= What is being asked =
Transcribe the records below. Leave nothing out and change nothing.

= Entries provided =

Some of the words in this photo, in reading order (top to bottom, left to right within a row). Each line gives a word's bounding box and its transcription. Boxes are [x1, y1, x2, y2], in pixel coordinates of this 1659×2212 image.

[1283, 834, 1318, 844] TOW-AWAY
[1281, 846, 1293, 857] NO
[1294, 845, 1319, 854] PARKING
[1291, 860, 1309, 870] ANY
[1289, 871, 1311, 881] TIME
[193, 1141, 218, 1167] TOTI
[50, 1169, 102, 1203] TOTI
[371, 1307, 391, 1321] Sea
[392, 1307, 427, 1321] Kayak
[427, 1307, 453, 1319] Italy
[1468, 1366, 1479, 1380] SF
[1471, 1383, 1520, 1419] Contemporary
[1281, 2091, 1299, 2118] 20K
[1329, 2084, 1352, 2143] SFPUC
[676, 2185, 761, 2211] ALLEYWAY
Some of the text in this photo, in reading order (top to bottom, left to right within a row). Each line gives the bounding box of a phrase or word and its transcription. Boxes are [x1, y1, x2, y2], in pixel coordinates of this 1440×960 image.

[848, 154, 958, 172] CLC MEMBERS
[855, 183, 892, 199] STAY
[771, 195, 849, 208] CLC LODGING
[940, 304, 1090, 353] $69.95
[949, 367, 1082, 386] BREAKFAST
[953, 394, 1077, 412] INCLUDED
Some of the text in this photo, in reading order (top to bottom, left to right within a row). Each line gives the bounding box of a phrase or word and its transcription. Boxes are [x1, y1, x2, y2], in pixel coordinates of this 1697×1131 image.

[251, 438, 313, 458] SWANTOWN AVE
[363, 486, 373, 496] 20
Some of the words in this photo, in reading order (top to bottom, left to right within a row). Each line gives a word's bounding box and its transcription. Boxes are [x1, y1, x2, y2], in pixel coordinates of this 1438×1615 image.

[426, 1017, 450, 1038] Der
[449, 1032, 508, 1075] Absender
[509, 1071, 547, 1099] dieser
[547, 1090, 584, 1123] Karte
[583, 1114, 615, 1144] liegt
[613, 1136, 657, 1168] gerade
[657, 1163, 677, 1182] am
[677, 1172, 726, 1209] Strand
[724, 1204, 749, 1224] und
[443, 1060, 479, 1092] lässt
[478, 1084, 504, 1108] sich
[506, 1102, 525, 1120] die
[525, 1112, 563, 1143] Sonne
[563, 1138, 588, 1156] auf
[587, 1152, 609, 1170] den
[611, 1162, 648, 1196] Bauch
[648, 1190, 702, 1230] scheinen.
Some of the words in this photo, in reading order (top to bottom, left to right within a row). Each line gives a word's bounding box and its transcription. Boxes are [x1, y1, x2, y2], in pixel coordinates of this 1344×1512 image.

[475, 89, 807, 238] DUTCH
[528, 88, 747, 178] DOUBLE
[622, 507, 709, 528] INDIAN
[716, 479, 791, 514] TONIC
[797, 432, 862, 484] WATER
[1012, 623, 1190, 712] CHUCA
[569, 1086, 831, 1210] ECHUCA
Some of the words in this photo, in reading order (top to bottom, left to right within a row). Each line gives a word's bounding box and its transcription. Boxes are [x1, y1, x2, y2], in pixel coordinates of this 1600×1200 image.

= Answer area =
Some of the words in this photo, in reading order (top to bottom, left to right within a row). Each line gives a word's bounding box and its transcription. Boxes are [x1, y1, x2, y2], in pixel coordinates of this 1659×2212 image.

[1283, 834, 1318, 844] TOW-AWAY
[1281, 846, 1293, 857] NO
[1294, 845, 1319, 854] PARKING
[1291, 860, 1309, 870] ANY
[1289, 871, 1311, 881] TIME
[193, 1141, 218, 1167] TOTI
[50, 1169, 102, 1203] TOTI
[371, 1307, 391, 1321] Sea
[392, 1307, 427, 1321] Kayak
[427, 1307, 453, 1319] Italy
[1468, 1366, 1479, 1380] SF
[1471, 1383, 1520, 1419] Contemporary
[1281, 2091, 1299, 2118] 20K
[1329, 2084, 1352, 2143] SFPUC
[676, 2185, 761, 2211] ALLEYWAY
Some of the text in this photo, in reading order (top to bottom, left to right within a row). Each line gives the bounding box of a phrase or word and its transcription. Boxes are [x1, y1, x2, y2], in pixel coordinates of this 1440×960 image.

[848, 154, 958, 172] CLC MEMBERS
[855, 183, 892, 199] STAY
[771, 195, 849, 208] CLC LODGING
[940, 304, 1090, 353] $69.95
[949, 367, 1082, 386] BREAKFAST
[953, 394, 1077, 412] INCLUDED
Some of the text in this photo, in reading order (top to bottom, left to right within a row). Each line gives the bounding box of a phrase or word and its transcription. Boxes are [x1, y1, x2, y2], in pixel coordinates of this 1697×1131 image.

[251, 438, 313, 458] SWANTOWN AVE
[363, 486, 373, 496] 20
Some of the words in this photo, in reading order (top to bottom, left to right within a row). Each line gives a word's bounding box and its transcription. Boxes are [x1, y1, x2, y2], in pixel coordinates of this 1438×1615 image.

[426, 1017, 450, 1038] Der
[449, 1032, 508, 1075] Absender
[509, 1071, 547, 1099] dieser
[547, 1090, 584, 1123] Karte
[583, 1114, 615, 1144] liegt
[613, 1136, 657, 1168] gerade
[657, 1163, 677, 1182] am
[677, 1172, 726, 1209] Strand
[724, 1204, 749, 1224] und
[443, 1060, 479, 1092] lässt
[478, 1084, 504, 1108] sich
[506, 1102, 525, 1120] die
[525, 1112, 563, 1143] Sonne
[563, 1138, 588, 1156] auf
[587, 1152, 609, 1170] den
[611, 1162, 648, 1196] Bauch
[648, 1190, 702, 1230] scheinen.
Some of the words in this photo, in reading order (top to bottom, left to right within a row). Each line gives a word's bounding box and its transcription. Boxes are [x1, y1, x2, y2], in pixel coordinates of this 1344×1512 image.

[475, 89, 807, 238] DUTCH
[528, 88, 747, 178] DOUBLE
[622, 507, 709, 528] INDIAN
[716, 479, 791, 514] TONIC
[797, 432, 862, 484] WATER
[1012, 623, 1190, 712] CHUCA
[569, 1086, 831, 1210] ECHUCA
Some of the words in this photo, in reading order (top to bottom, left to right within a row). Each line gives a word's bounding box and its transcription. Boxes are [x1, y1, x2, y2], in pixel coordinates of this 1600×1200 image.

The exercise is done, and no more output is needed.